Ну ладно, до совершеннолетия рожали не многие. Чаще в рабочей среде. Но по советским врачебным нормам и при отсутствии каких бы по ни было контрацептивов двадцатипятилетняя женщина считалась старородящей, если дотерпела. И ее пугали детскими патологиями и прочими страшилками. Я уж не говорю о том, что отпуск по уходу за ребенком не так и давно стал предоставляться - скольких моих приятельниц мамы уехали рожать прямо с рабочего места, поскольку 36 дней декрета могли быть посчитаны совсем неправильно.
Я иногда представляю себе этих растерянных девочек, которые совсем по разному столкнулись с реальностью своего материнства. И по-разному с ним справлялись - в меру своих сил, страхов и беспомощности. И порой думаю о своей - у меня к ней много претензий. Она родила меня в девятнадцать.
Я помню ПТУшниц времен своего учительства, среди которых случались беременности. И помню, как вся девчоночья группа оберегала, а владелица растущего живота нежно его наглаживала и светилась от гордости.
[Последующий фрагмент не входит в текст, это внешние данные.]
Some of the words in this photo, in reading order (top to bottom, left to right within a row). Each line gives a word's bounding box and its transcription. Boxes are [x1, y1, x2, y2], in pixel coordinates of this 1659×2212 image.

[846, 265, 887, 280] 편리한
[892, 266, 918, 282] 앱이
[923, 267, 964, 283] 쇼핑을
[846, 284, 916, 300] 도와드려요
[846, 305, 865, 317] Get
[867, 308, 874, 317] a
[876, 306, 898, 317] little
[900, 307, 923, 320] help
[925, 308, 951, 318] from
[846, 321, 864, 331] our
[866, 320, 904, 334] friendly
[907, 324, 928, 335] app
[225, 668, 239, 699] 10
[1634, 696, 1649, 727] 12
И даже независимо от того, как складывалось с отцами и были ли они. Несмотря на то, что комендант грозился выгнать из общаги, и страшно было сообщить родителям. Наверное, ни одна из них не стала идеальной мамой. Вернее - никто не стал, но очень об этом мечтали. И больше всего мечтали именно те, у которых со своими родителями было непросто.
А еще я помню женщину, которая оказалась со мной в одной палате роддома. По ту пору было санитарное правило помещать в одну палату тех, кто родил в один день. Тетка была психически явно нездорова, к ней и доктора специального приглашали, она стонала и ныла дня два после родов, и честно говоря, ее хотелось придушить подушкой. До тех пор, пока не принесли младенца - тетка преобразилась и, пожалуй, такой нежнейшей и заботливой матери никто не предполагал в ней обнаружить.
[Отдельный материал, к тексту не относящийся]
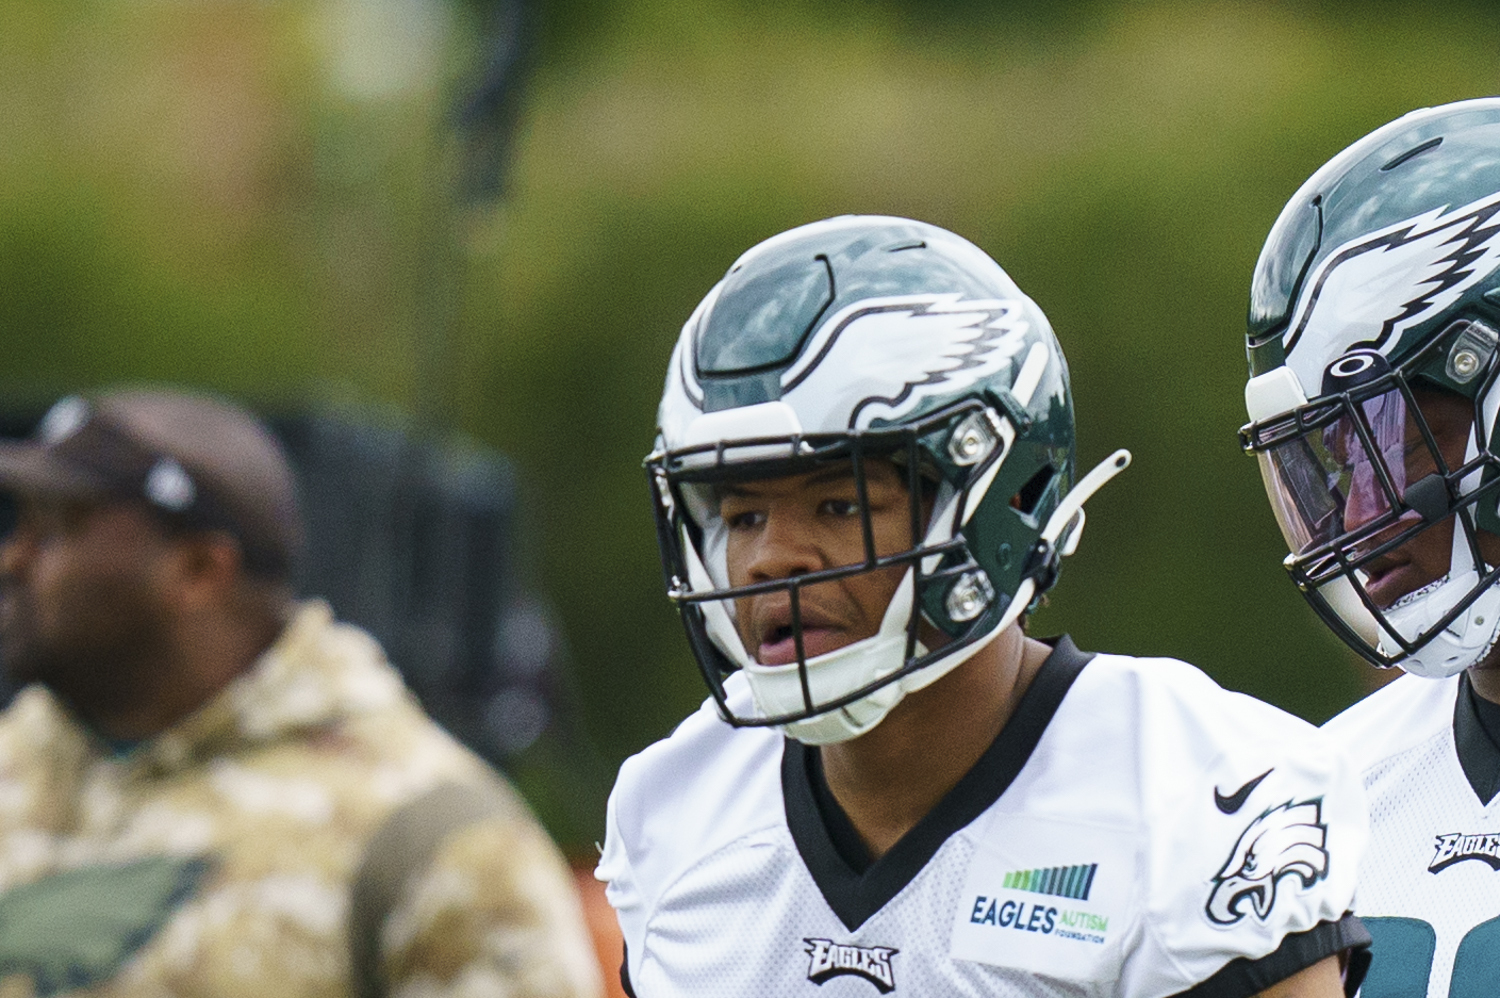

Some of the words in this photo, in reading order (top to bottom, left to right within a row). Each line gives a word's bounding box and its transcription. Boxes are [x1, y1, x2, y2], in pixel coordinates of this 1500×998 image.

[970, 896, 1058, 934] EAGLES
[1059, 909, 1109, 931] AUTISM
[803, 938, 899, 994] EAGLES
Ну и еще я много чего видела и слышала, особенно работая там, где с двух сторон барьера звучат обвинения и претензии, и слова бывают очень резкими и отчаянными.
Почти всегда клиенты, пришедшие в терапию, плачущие от незабытых детских обид на сессиях и отчаянно воюющие за то, чтобы нанесенный им родителями ущерб был признан, сами значительно старше тех, кто им когда-то недодал, кто травмировал, не откликнулся на их чувства вовремя или требовал послушания криком или наказаниями, кто не защитил, не поддержал, обесценил.
Конечно, никакой возраст или обстоятельства не освобождают от родительской ответственности, раз уж ты им стал. Причем обоих родителей. И конечно, не отменяют тех чувств, которые ранили, детских обид, стыда, страха. Я здесь не говорю о систематическом насилии и жестокости, которого тоже в реальности немало.Это вообще особая тема. И к сожалению совсем не редкая. Родительская беспомощность и некомпетентность, их инфантильность, травмированность и уязвимость не освобождают автоматически от детской боли и разочарования. И да, иногда приводят к печальным последствиям.
Просто в нашем восприятии родители всегда - большие, сильные и взрослые. Мы их такими видим и предъявляем им. Даже когда мы выросли и давно многое можем сами.
А еще я особо люблю моменты на сессиях, когда после взаимных обвинений - в жестокости ли, в несоответствии, в неблагодарности, в нанесенном ущербе, после слез, криков «ненавижу», после взятой в ярости в руки батаки - звучит тихое «прости». С обеих сторон.